Hacker News new | ask | show | jobs
by perf1 2216 days ago
My feeling is they pushing the extra crazy ones though. Watching a clearly not well Person argue crazy theories isn't very convincing to healthy people anyway.

On the other Hand people like Dr. Erickson get censored, because they simply dare to question the lock down and argue that there is no evidence supporting it's effectiveness in saving lives.

2 comments

> On the other Hand people like Dr. Erickson get censored, because they simply dare to question the lock down

Erickson, among other things, makes provably false statements about the prevalence and mortality of covid19. You’re allowed to be misinformed as a private citizen; you’re not allowed to grandstand in public as a physician and spread misinformation. He’s lucky he only got deplatformed, rather than have his license taken.

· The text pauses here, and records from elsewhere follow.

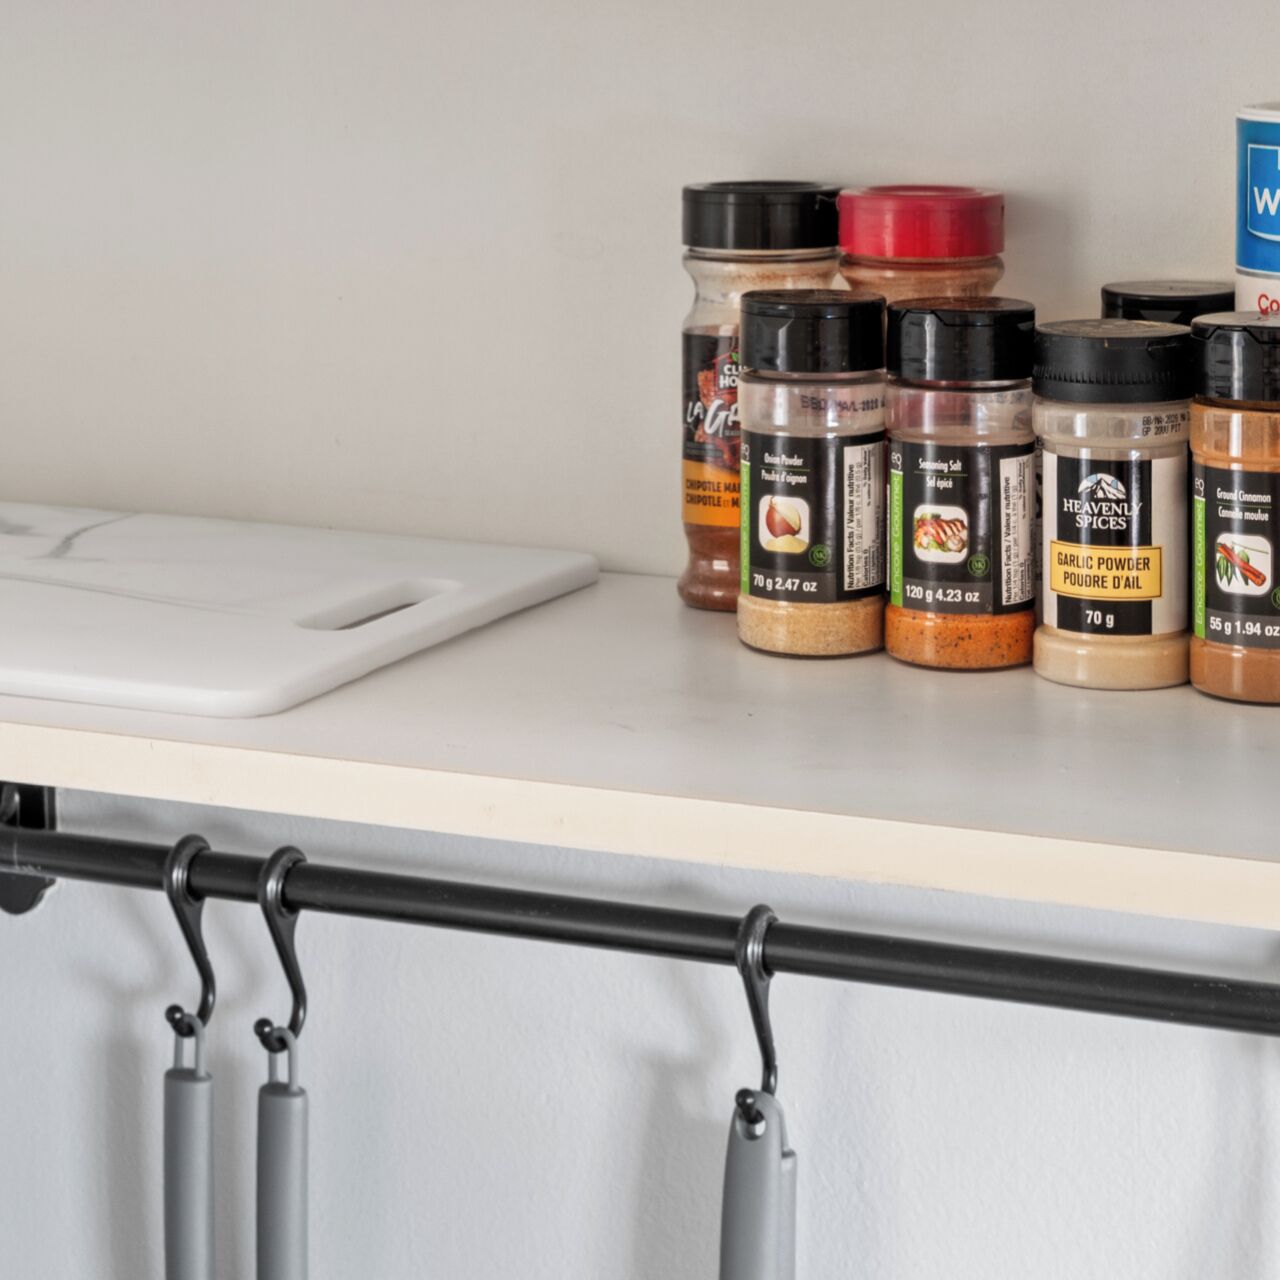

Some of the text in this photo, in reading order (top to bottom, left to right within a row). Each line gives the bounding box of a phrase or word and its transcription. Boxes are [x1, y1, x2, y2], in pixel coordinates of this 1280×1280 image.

[764, 452, 803, 466] Onion Powder
[919, 458, 962, 473] Seasoning Salt
[686, 478, 722, 493] CHIPOTLE
[926, 477, 953, 490] Sel épicé
[686, 493, 722, 507] CHIPOTLE
[1217, 488, 1271, 502] Ground Cinnamon
[1063, 498, 1142, 516] HEAVENLY
[1218, 506, 1268, 521] Cannelle moulue
[1076, 515, 1127, 530] SPICES
[1057, 552, 1150, 571] GARLIC POWDER
[753, 574, 817, 591] 70 g 2.47 oz
[1064, 572, 1142, 590] POUDRE D'AIL
[905, 584, 980, 603] 120 g 4.23 oz
[1086, 610, 1114, 628] 70 g
[1210, 617, 1280, 636] 55 g 1.94 oz

You make it sound like he was expressing an unpopular interpretation of the data, rather than actively spreading untrue assertions.

> you’re not allowed to grandstand in public as a physician and spread misinformation

For all I know Erickson is saying no one died of Covid or something that ridiculous/obviously false, but labelling statements as misinformation and censoring them instead of retracting endorsements and getting others to realize those statements are false is an aggressive seize of power by authorities over what is or isn’t true.

I realize authoritative knowledge is necessary; not everyone has the time or ability to parse through medical information and come to reasonable conclusions.

But authoritative bodies should have to earn their authority from the public, not use censorious platforms to assert it. The fundamental problem we’re running into now with misinformation is a lack of trust, not a lack of information. Forcing people to listen to sources they don’t trust and blocking sources they do trust will make the situation worse.

If people trust a crackpot more than they trust an established authoritative body, that authoritative body should take a real hard look at themselves in the mirror and ask themselves why that’s the case.

> Erickson, among other things, makes provably false statements about the prevalence and mortality of covid19.

Such as?

It might have been correct to say there's no evidence in March (which is not a reason to not do something, we would still be in the Stone Age if every action we took required evidence.). There's plenty of evidence now as we have data for both going into and coming out of lockdown.
There's plenty of weird, contradictory evidence. Many places have come out of lockdown early, been told they're facing certain doom ("Georgia's Experiment in Human Sacrifice" [1]), and then been quietly forgotten when the predicted consequences don't come. It's hard to believe that lockdowns don't do anything at all, but I don't think anyone can honestly say we have definitive proof they were necessary.

[1] https://www.theatlantic.com/health/archive/2020/04/why-georg...

I can. R0~5.7 has dropped below 1.0 in many mask-averse stay-at-home regions, which I consider compelling evidence of efficacy in an adverse environment, under common-sense priors informed by the medical literature.
"This number is below 1.0" is not, by itself, an argument that some particular social policy was necessary or effective. An argument that lockdowns were necessary would at a minimum need to address the questions of "would a less strict policy have sufficed" and "will the long-term outcome after lockdowns end be different".
Georgia has 164 deaths per million residents, versus 82 in South Carolina next door and 87 in California. Are you sure you still want to call that a bad prediction?